• Data records:
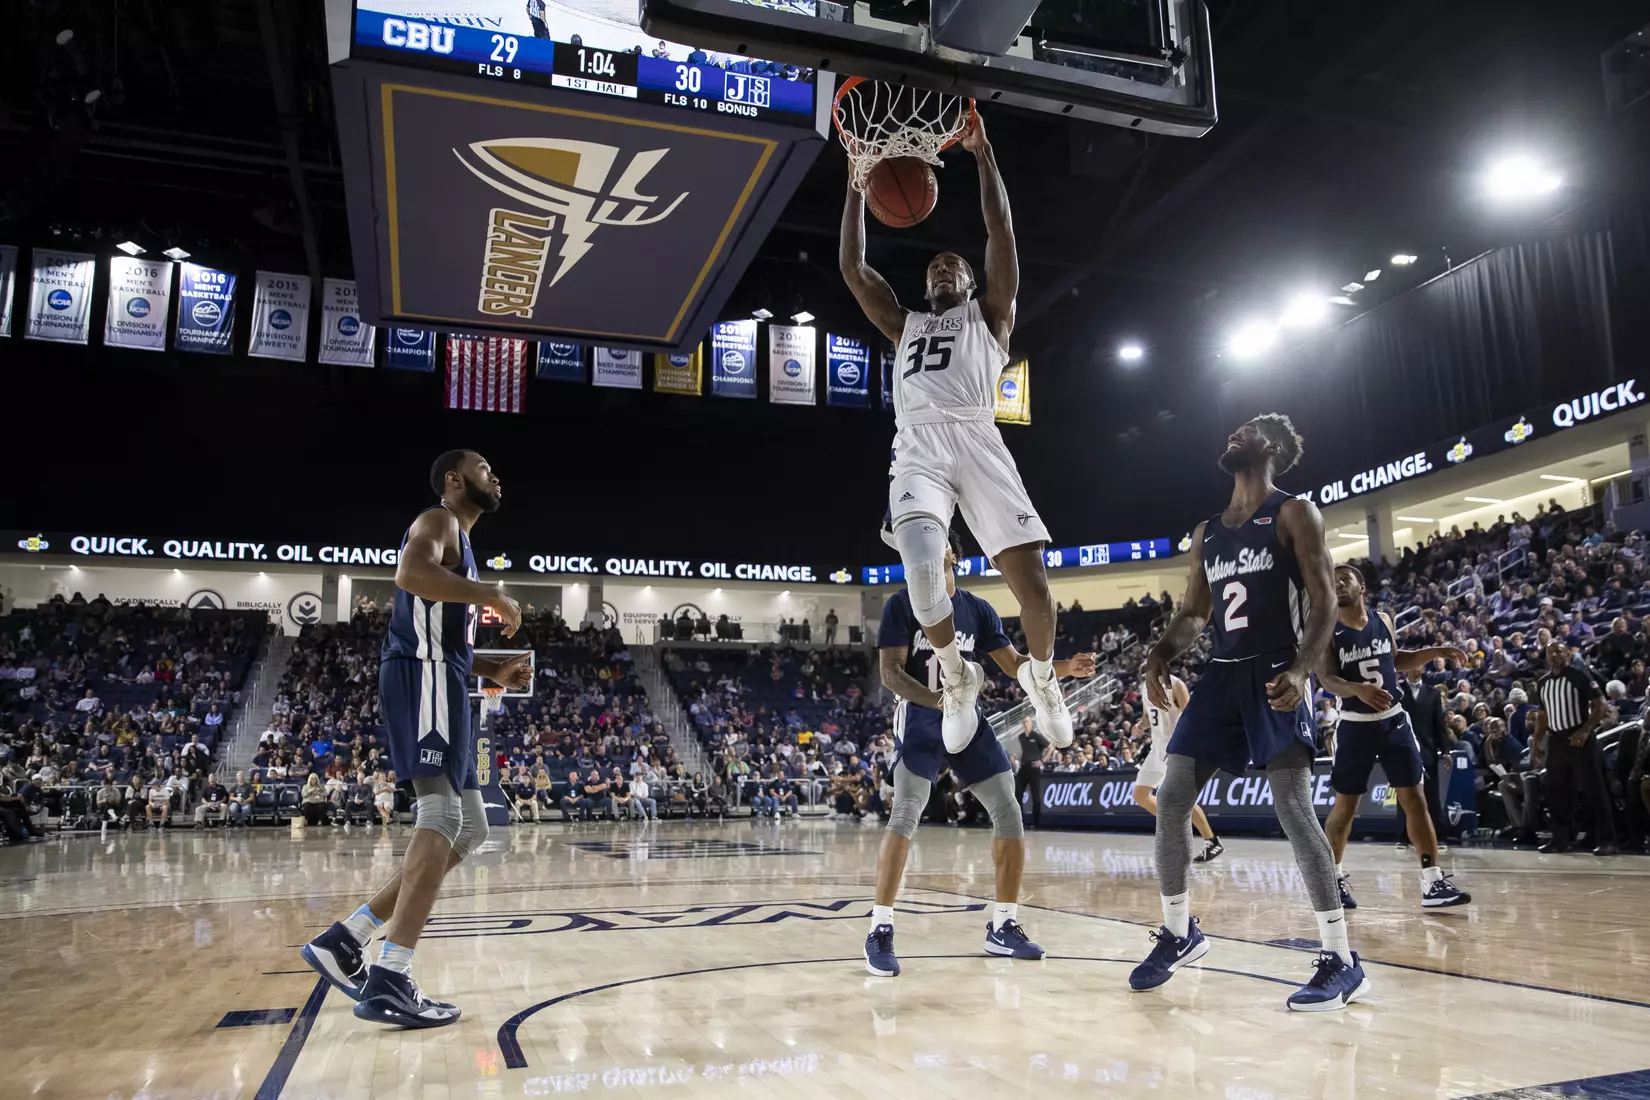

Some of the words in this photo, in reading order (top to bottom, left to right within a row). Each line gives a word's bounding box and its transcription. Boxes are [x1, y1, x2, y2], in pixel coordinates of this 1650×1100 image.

[383, 18, 456, 54] CBU
[490, 34, 518, 63] 29
[478, 63, 503, 77] FLS
[514, 69, 521, 79] 8
[578, 49, 616, 77] 1:04
[567, 78, 588, 89] 1ST
[597, 82, 628, 95] HALF
[675, 65, 701, 92] 30
[664, 93, 687, 106] FLS
[693, 98, 707, 109] 10
[717, 101, 758, 117] BONUS
[46, 258, 80, 269] 2017
[478, 208, 556, 319] LANCERS
[47, 270, 75, 278] MEN'S
[126, 267, 158, 278] 2016
[192, 271, 226, 284] 2016
[33, 277, 86, 288] BASKETBAL
[194, 283, 221, 292] MEN'S
[267, 279, 298, 291] 2015
[335, 288, 356, 296] 201
[38, 313, 72, 322] DIVISION
[117, 321, 150, 329] DIVISION
[109, 326, 163, 338] TOURNAMENT
[257, 331, 294, 340] DIVISION
[719, 324, 743, 335] 201
[903, 336, 955, 380] 35
[712, 376, 754, 384] CHAMPIONS
[1553, 379, 1646, 427] QUICK.
[1320, 480, 1348, 504] OIL
[1351, 452, 1433, 494] CHANGE.
[70, 536, 154, 555] QUICK.
[163, 540, 268, 560] QUALITY.
[277, 544, 313, 562] OIL
[957, 559, 971, 576] 29
[1047, 550, 1062, 568] 30
[1237, 547, 1274, 574] State
[529, 555, 598, 573] QUICK.
[605, 558, 693, 576] QUALITY.
[700, 562, 731, 578] OIL
[735, 564, 817, 581] CHANGE.
[482, 606, 503, 624] 24
[1222, 581, 1248, 632] 2
[1339, 644, 1371, 670] Jackson
[1358, 658, 1384, 689] 5
[476, 737, 490, 786] CBU
[1043, 783, 1093, 809] QUICK.
[1226, 774, 1335, 805] CHAE.

• What you have to do: Write out every line in the data that holds the string "DIVISION".

• Solution to this exercise:
[38, 313, 72, 322] DIVISION
[117, 321, 150, 329] DIVISION
[257, 331, 294, 340] DIVISION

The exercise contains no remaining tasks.